I grant you that over the next 5 years Columbus is far more likely to show appreciation than stagnant or lower prices but that is a likelihood, not a certainty. Who predicted Covid in 2015, 5 years before it turned a lot of the economy upside down? Is that likely to happen again? I doubt it but if China or Russia or North Korea become more bellicose or some significant blunder happens in another country that has great effect on us - it can hit the wall again. I told a group of investors - guys like me - on a conference call in 2020 that while (in my belief) it was important to print dollars to keep the country afloat and help people trapped in their homes to have a way to eat, heat their homes, etc., the end result would be inflation. Was I right? I don't know, our inflation today may or may not be entirely the result of that needed cash or even related at all.

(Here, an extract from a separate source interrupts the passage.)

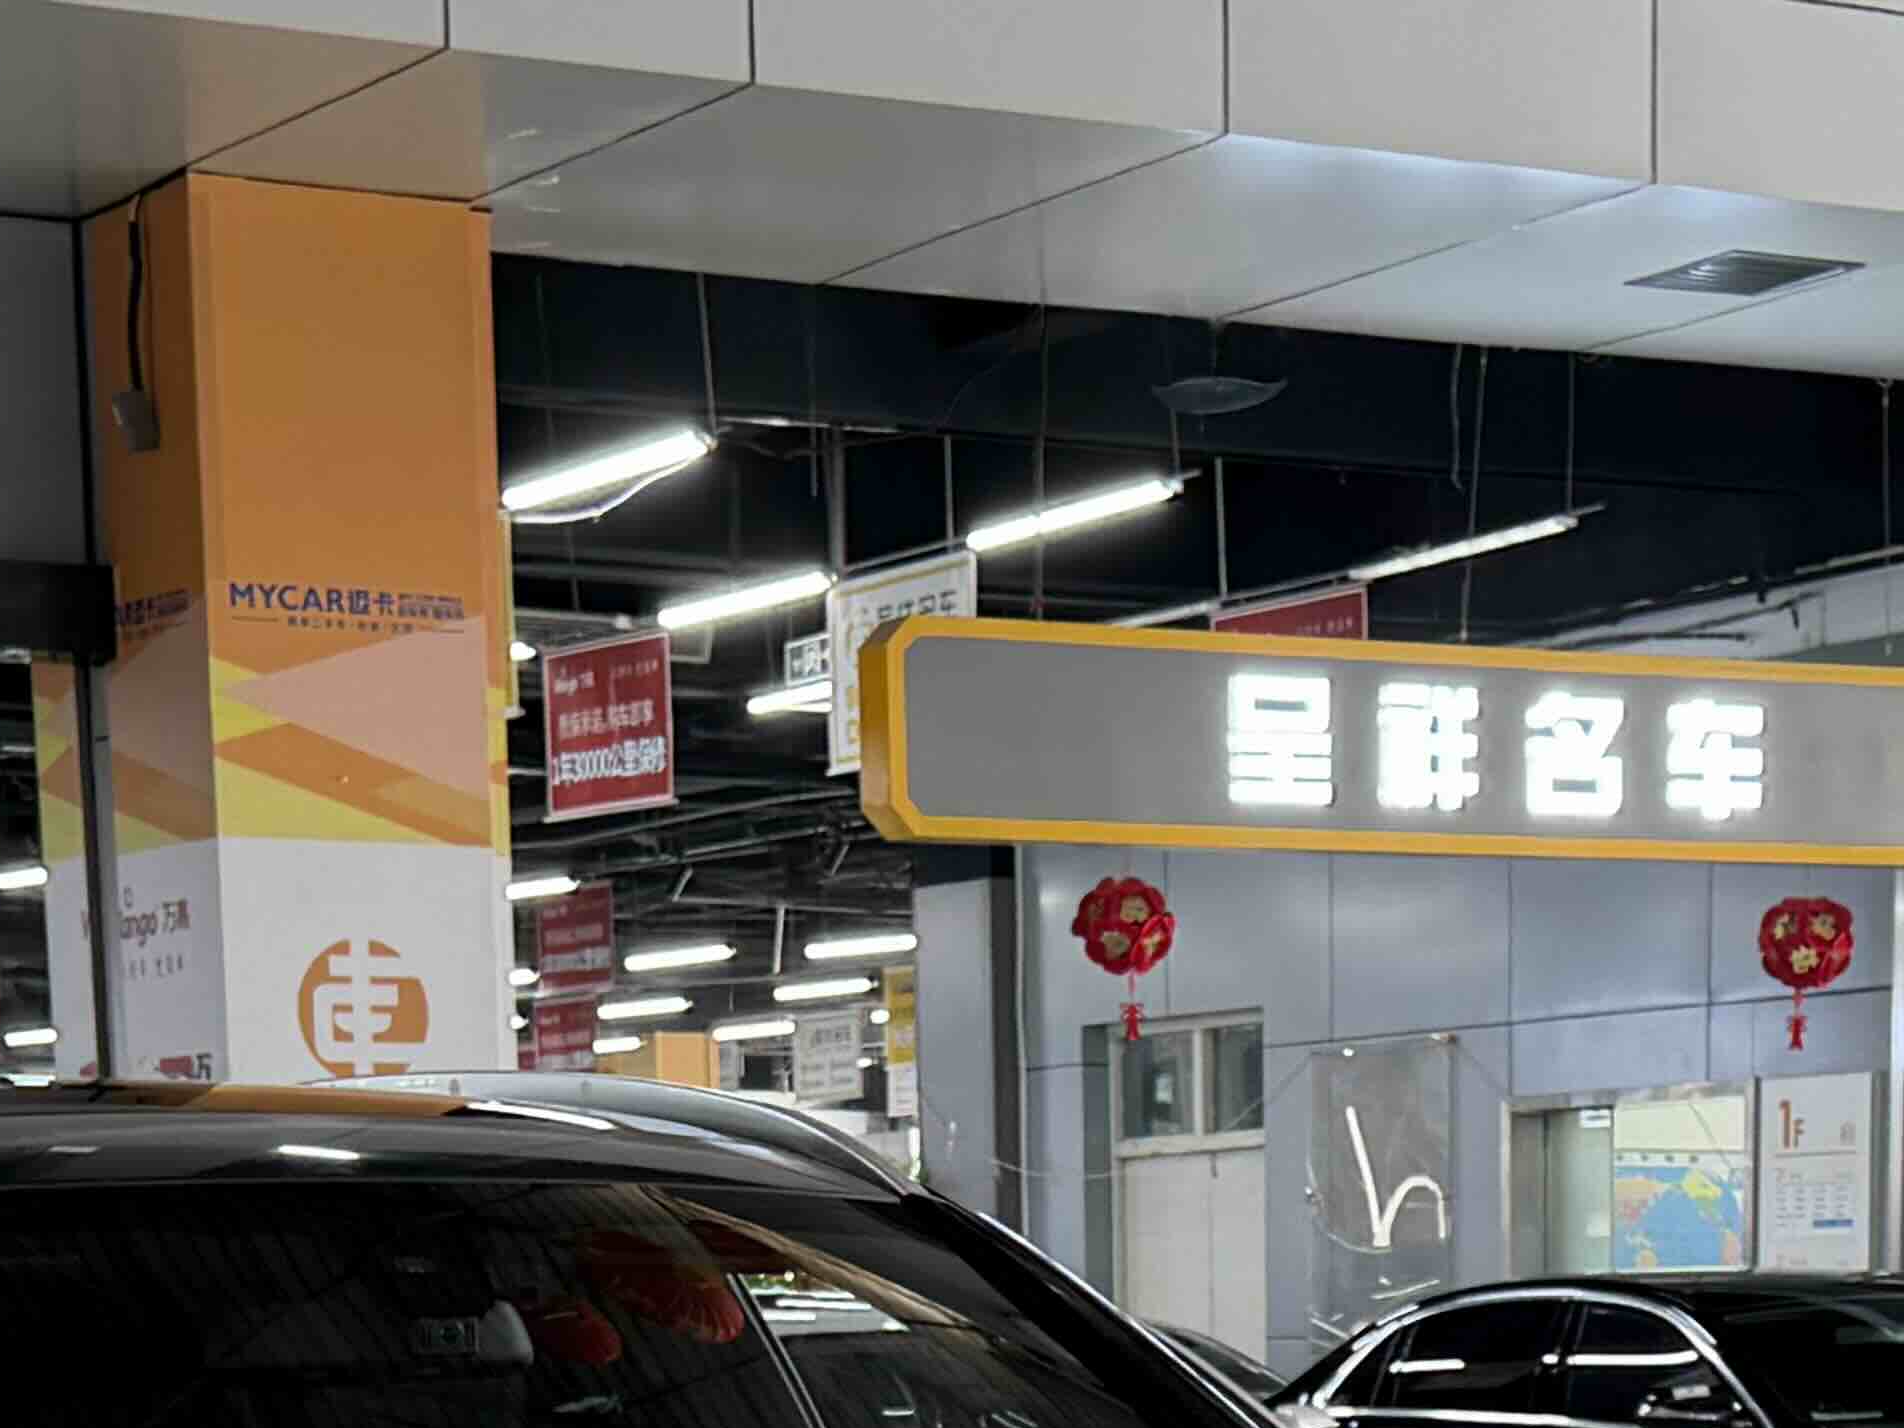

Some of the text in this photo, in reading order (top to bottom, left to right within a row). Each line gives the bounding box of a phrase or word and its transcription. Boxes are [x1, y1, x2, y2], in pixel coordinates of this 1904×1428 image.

[1227, 672, 1765, 822] 呈祥名车
[120, 904, 157, 948] ango

The point is, none of this stuff is easy for the Fed to figure out and the average person on BP - especially me - is far less equipped to figure it out. I believe a better circumstance for the buyer would be to have an option to "buy" another 5 or 7 or 10 years of balloon extension for some enticing payment of principal (say, 5% or 10% of the outstanding principal or of the original purchase price) or, and far less ideal but that may prove to save your client's butt, some hopefully lesser amount of a payment that doesn't get applied to principal but that buys a good extension.